One law enforcement officer told the researchers how accessible these apps are. “You can download an app in one minute, take a picture in 30 seconds, and that child will be impacted for the rest of their life,” they said.
One student victim interviewed for the report said that she struggled to believe that someone actually AI-generated nude images of her when she first learned about them. She knew other students used AI for writing papers, but was not aware people could use AI to create nude images. “People will start rumors about anything for no reason,” she said. “It took a few days to believe that this actually happened.”
Another victim and her mother interviewed for the report described the shock of seeing the images for the first time. “Remember Photoshop?” the mother asked, “I thought it would be like that. But it’s not. It looks just like her. You could see that someone might believe that was really her naked.”
One victim, whose original photo was taken from a non-social media site, said that someone took it and “ruined it by making it creepy [...] he turned it into a curvy boob monster, you feel so out of control.”

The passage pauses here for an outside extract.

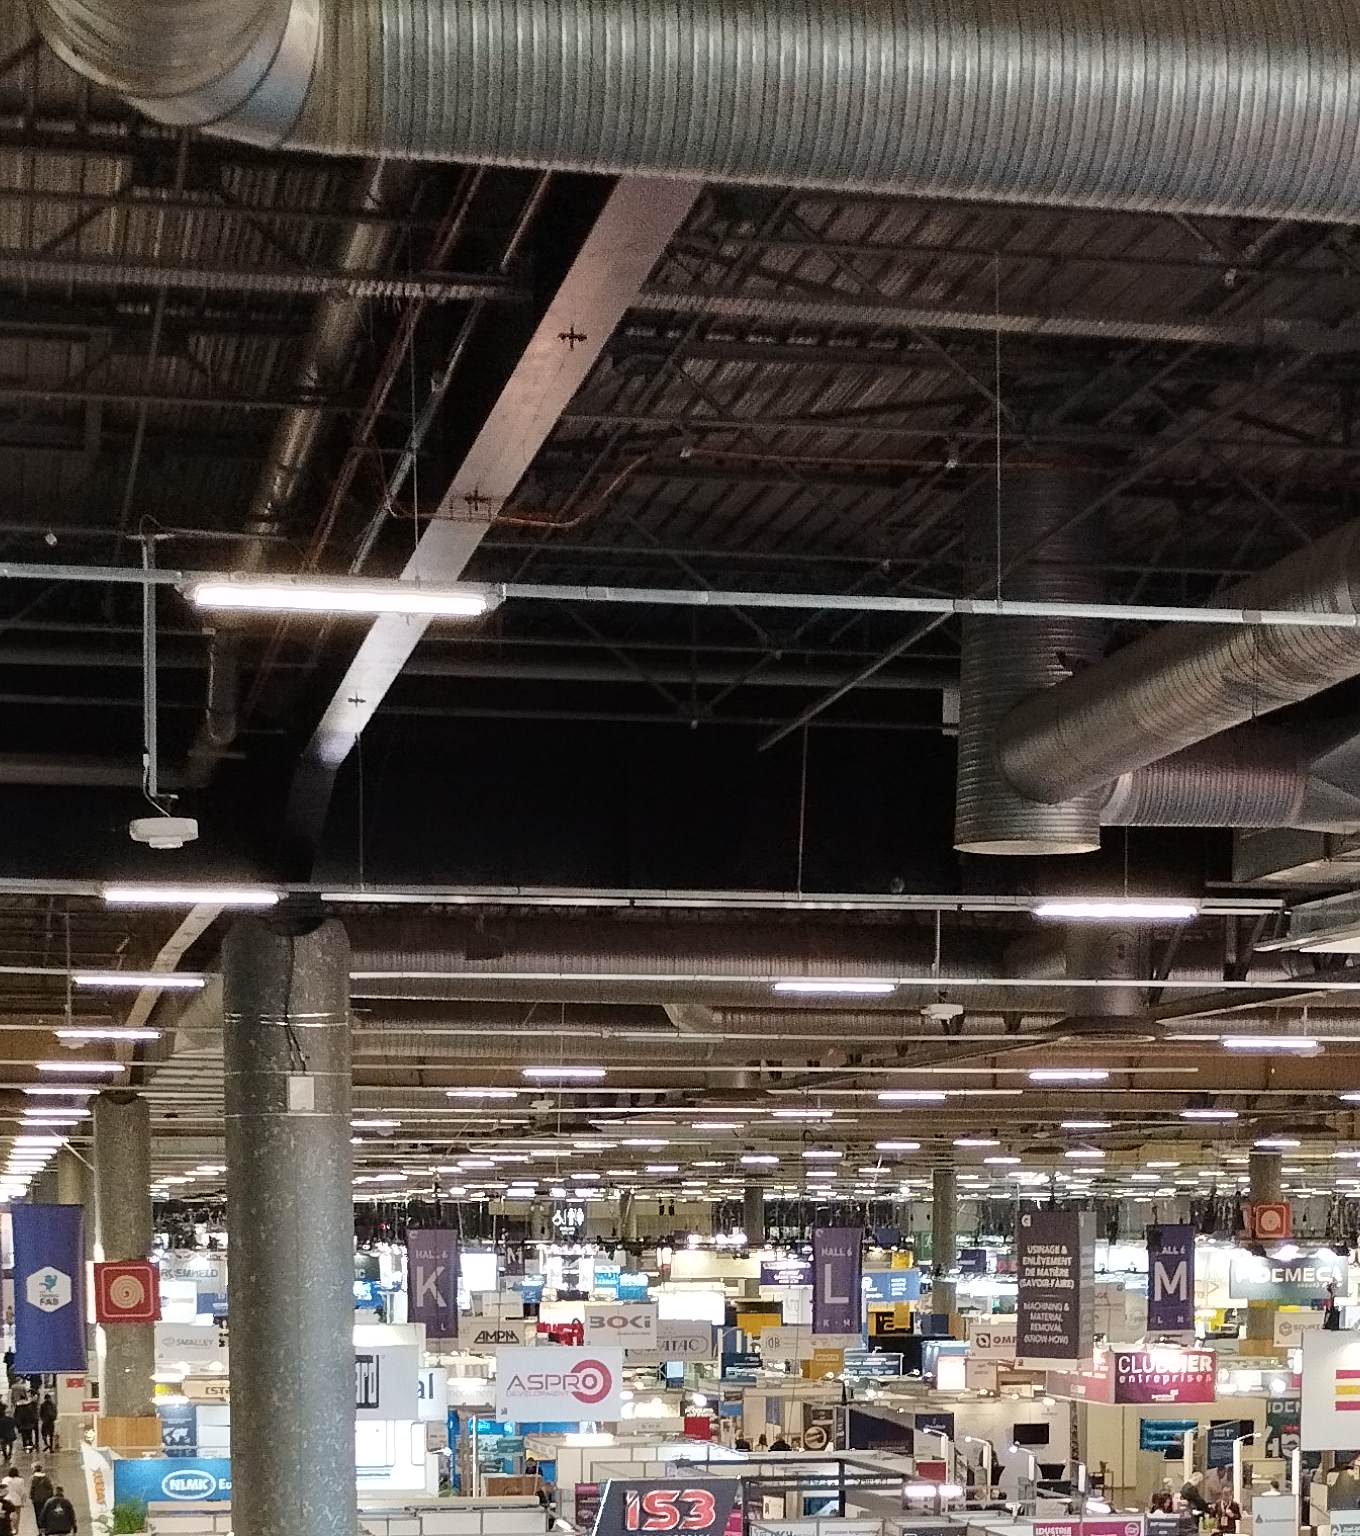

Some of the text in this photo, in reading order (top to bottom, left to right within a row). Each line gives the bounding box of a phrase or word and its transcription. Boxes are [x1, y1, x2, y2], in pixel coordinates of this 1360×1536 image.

In an email from a victim to school staff, one victim said “I was unable to concentrate or feel safe at school. I felt very vulnerable and deeply troubled. The investigation, media coverage, meetings with administrators, no-contact order [against the perpetrator], and the gossip swirl distracted me from school and class work. This is a terrible way to start high school.”
One mother of a victim the researchers interviewed for the report feared that the images could crop up in the future, potentially affecting her daughter’s college applications, job opportunities, or relationships. “She also expressed a loss of trust in teachers, worrying that they might be unwilling to write a positive college recommendation letter for her daughter due to how events unfolded after the images were revealed,” the report said.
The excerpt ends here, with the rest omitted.